__Your assignment__.
Should an entry include a picture, omit the picture and still repeat everything else exactly.

__Study material__.
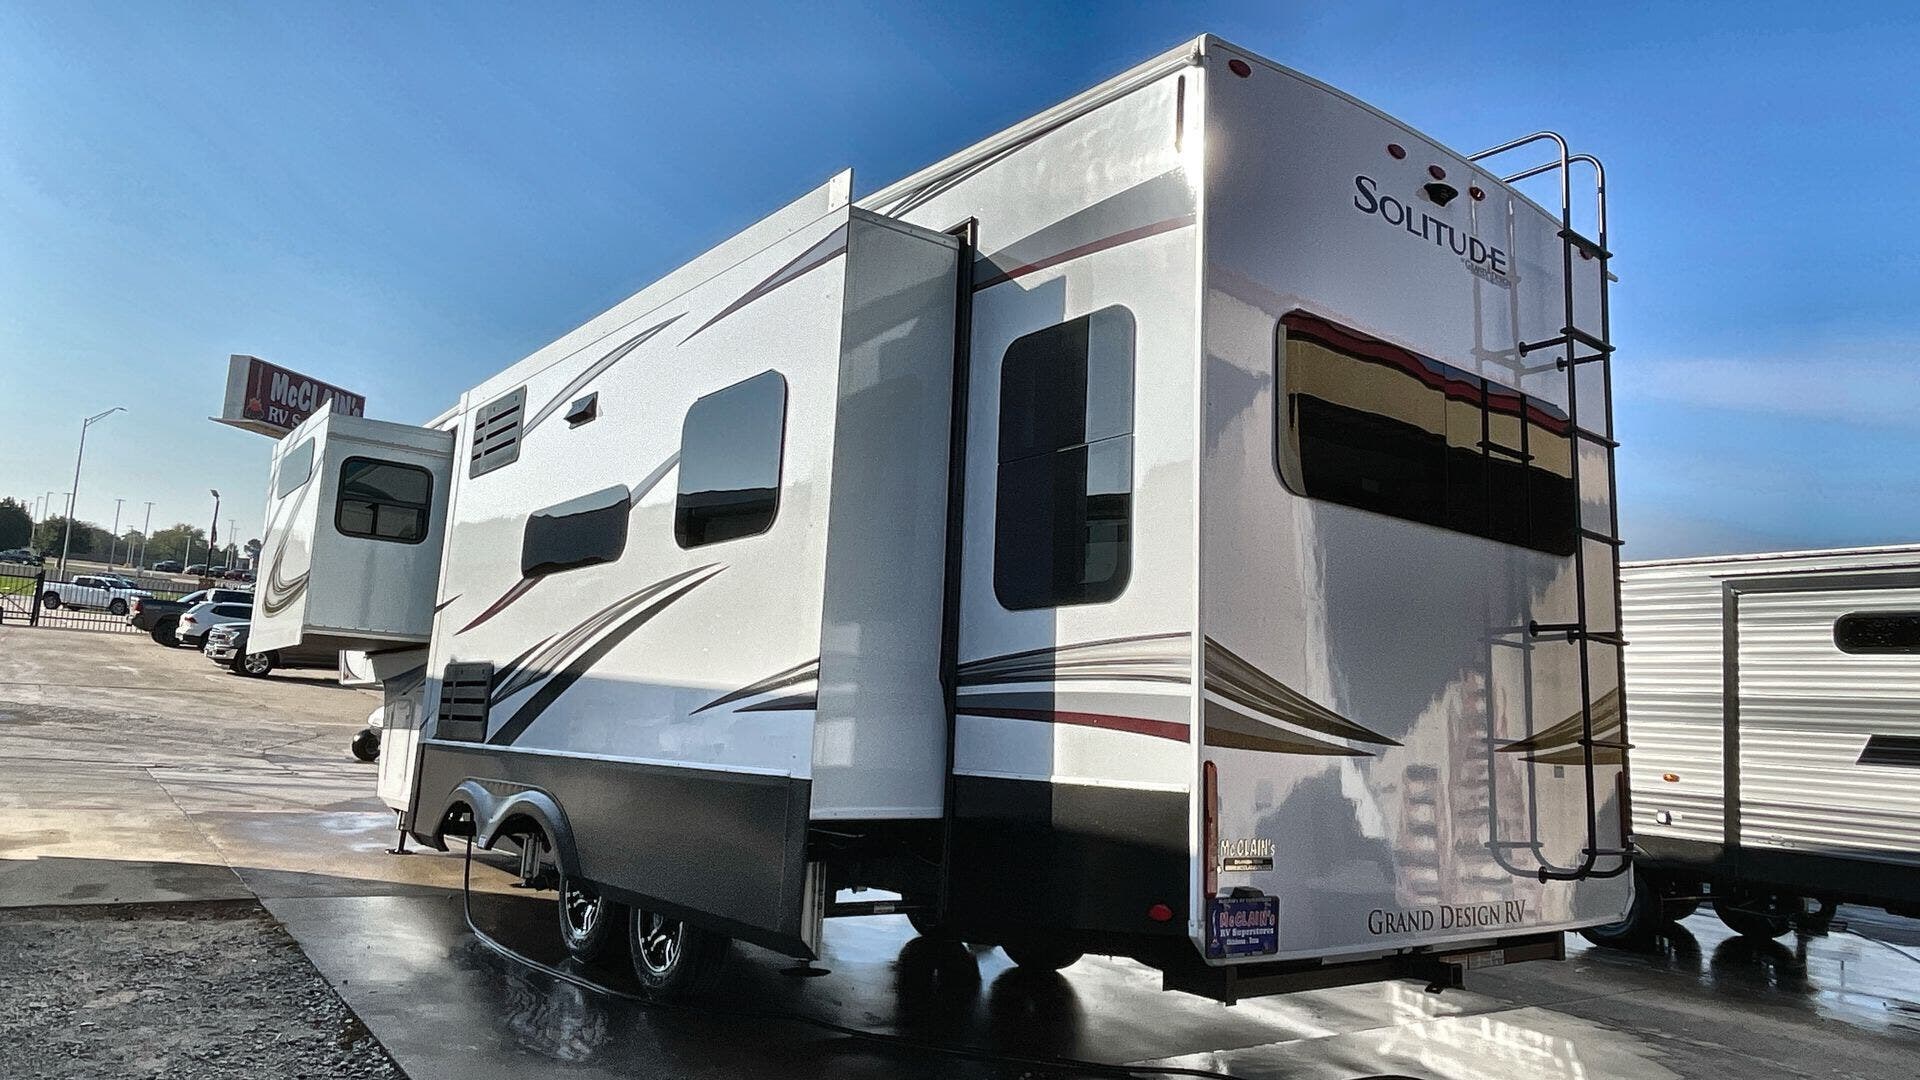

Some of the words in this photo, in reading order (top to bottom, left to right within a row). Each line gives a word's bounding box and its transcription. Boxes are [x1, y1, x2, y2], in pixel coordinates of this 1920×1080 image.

[1354, 175, 1507, 276] SOLITUDE
[268, 405, 289, 425] RV
[1368, 909, 1434, 935] GRAND
[1440, 905, 1500, 929] DESIGN
[1504, 899, 1526, 923] RV
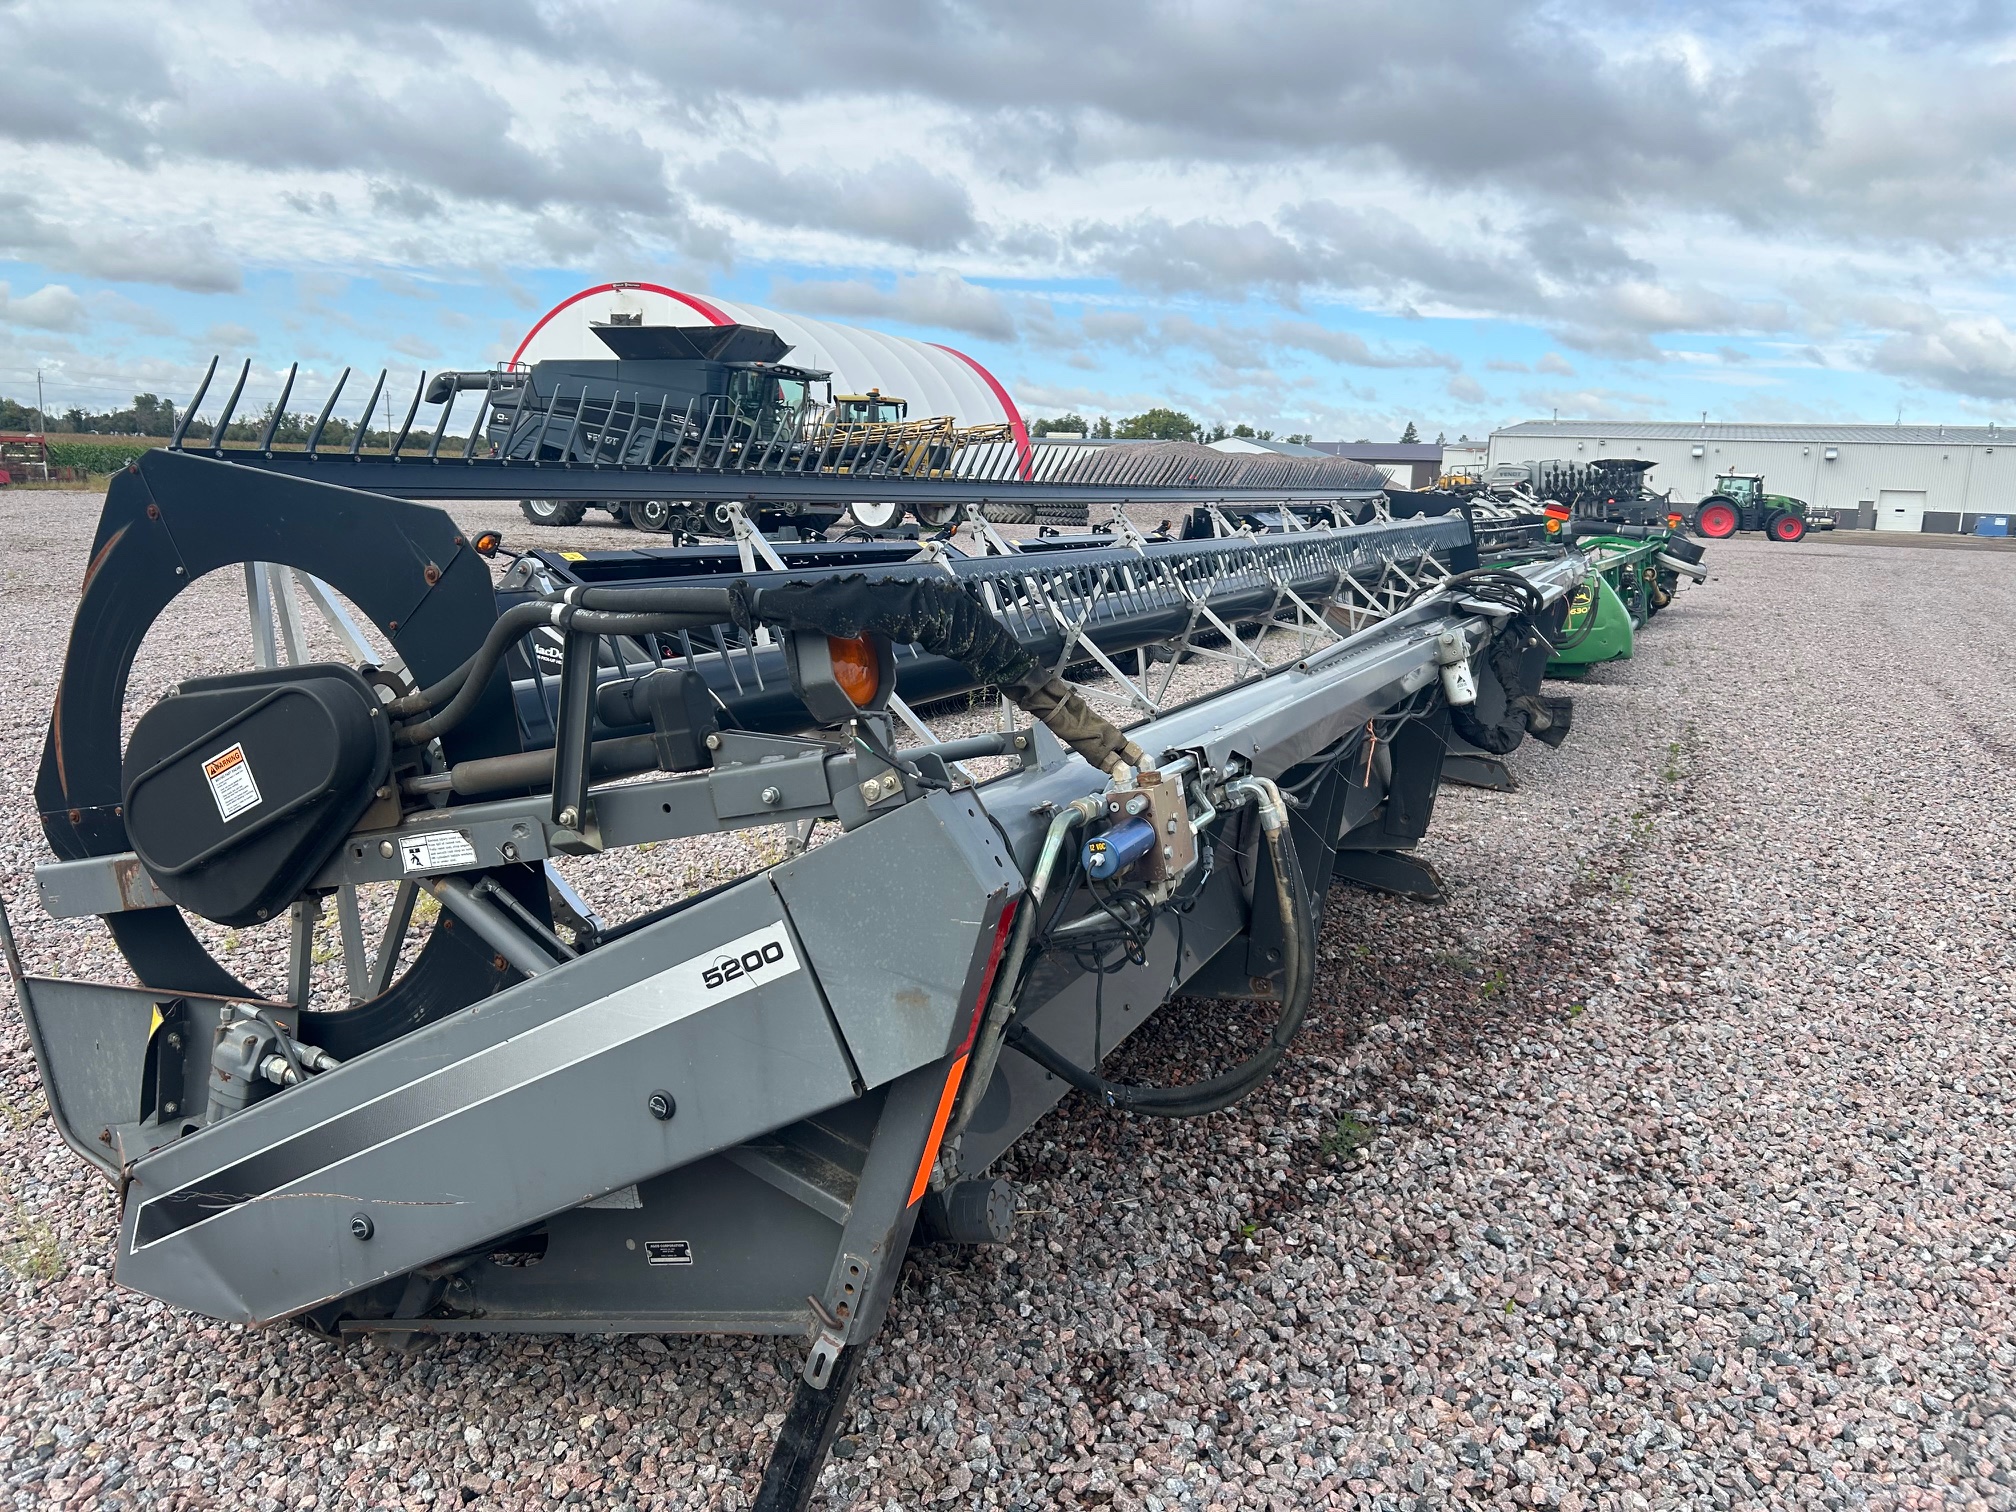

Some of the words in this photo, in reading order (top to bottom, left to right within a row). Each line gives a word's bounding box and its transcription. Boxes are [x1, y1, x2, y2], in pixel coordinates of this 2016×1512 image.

[670, 413, 696, 426] IDEL
[586, 431, 620, 446] FEDT
[214, 752, 240, 771] WARNING
[702, 941, 784, 989] 5200
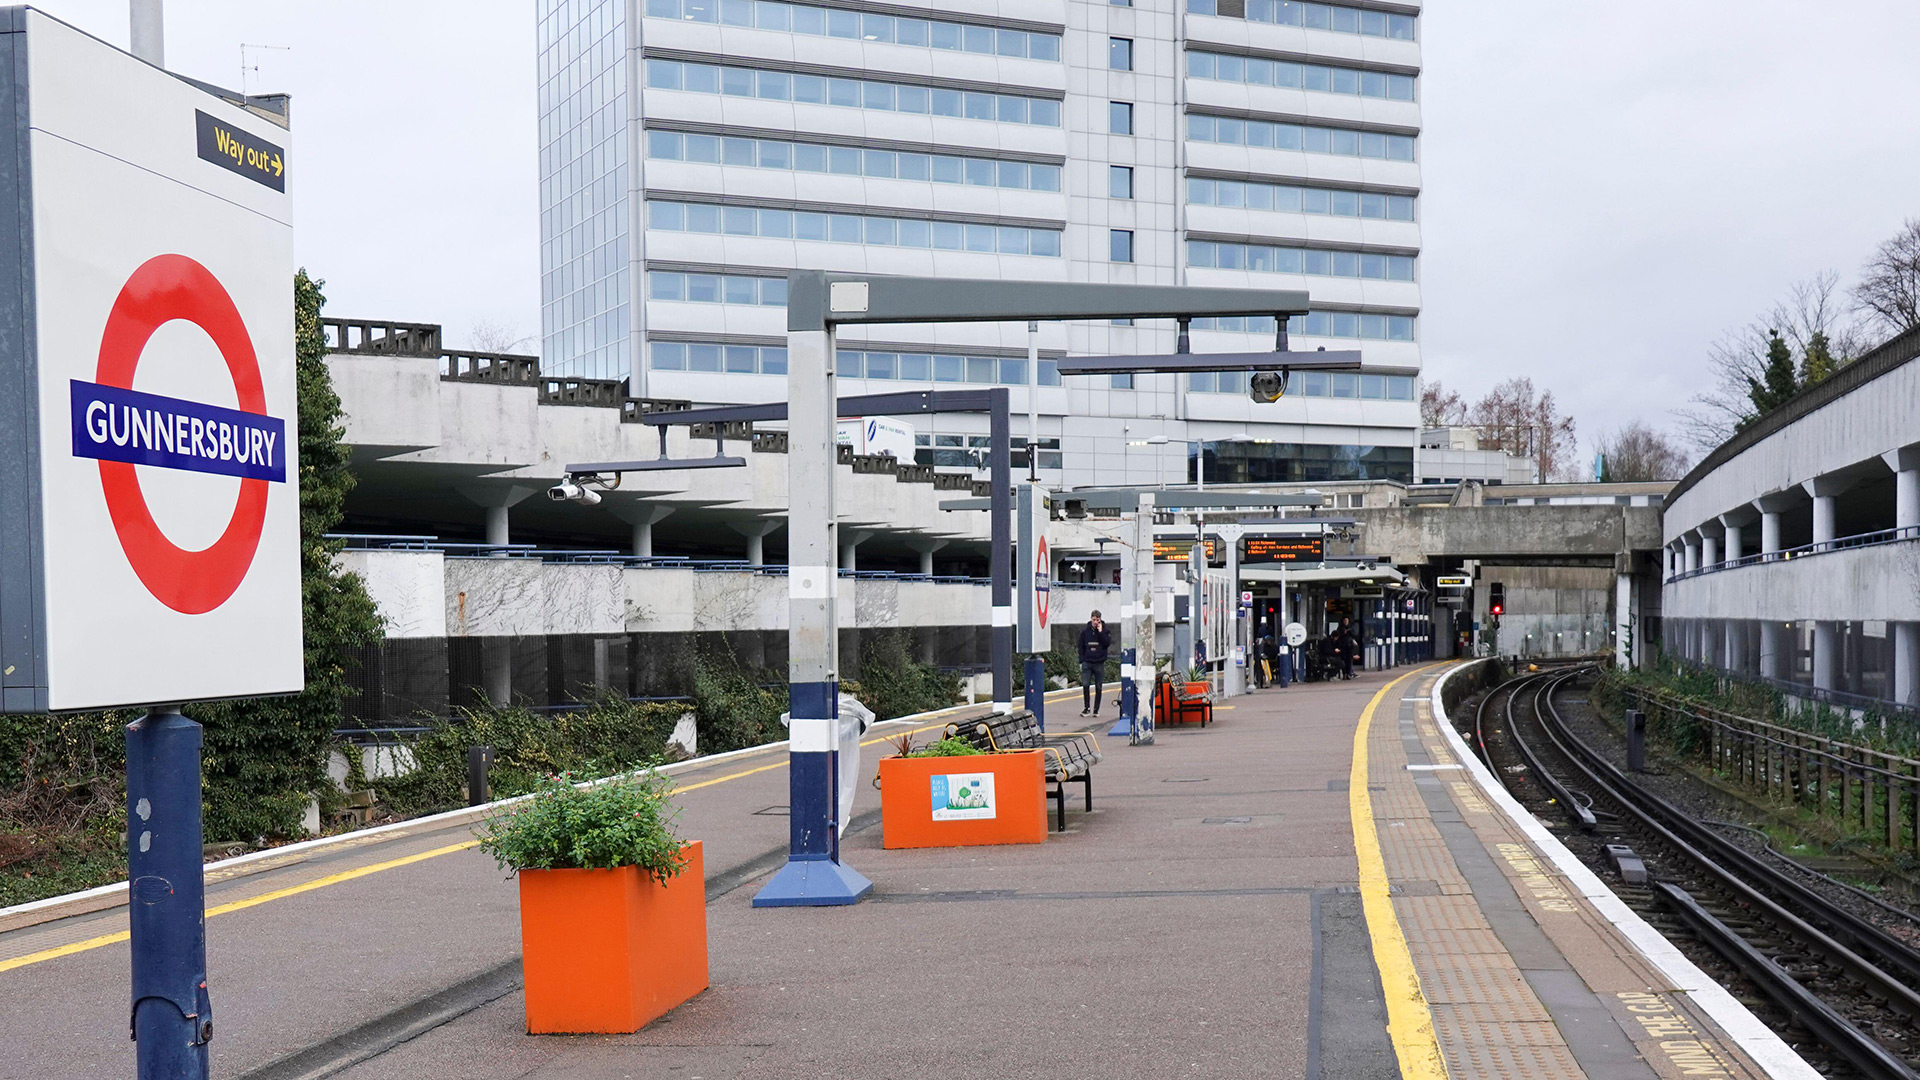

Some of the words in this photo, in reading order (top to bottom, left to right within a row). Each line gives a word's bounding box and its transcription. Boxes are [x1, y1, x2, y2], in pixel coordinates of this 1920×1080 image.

__Worked solution__.
Some of the words in this photo, in reading order (top to bottom, left to right within a row). Each line gives a word's bounding box and its transcription. Boxes are [x1, y1, x2, y2], in pixel coordinates of this 1920×1080 image.

[1354, 175, 1507, 276] SOLITUDE
[268, 405, 289, 425] RV
[1368, 909, 1434, 935] GRAND
[1440, 905, 1500, 929] DESIGN
[1504, 899, 1526, 923] RV

Some of the words in this photo, in reading order (top to bottom, left to right within a row). Each line gives a word's bounding box and its transcription. Boxes are [x1, y1, x2, y2], in pixel coordinates of this 2016×1512 image.

[670, 413, 696, 426] IDEL
[586, 431, 620, 446] FEDT
[214, 752, 240, 771] WARNING
[702, 941, 784, 989] 5200

Some of the words in this photo, in reading order (top to bottom, left to right within a row). Each line gives a word's bounding box and its transcription. Boxes are [x1, y1, x2, y2], in pixel coordinates of this 1920×1080 image.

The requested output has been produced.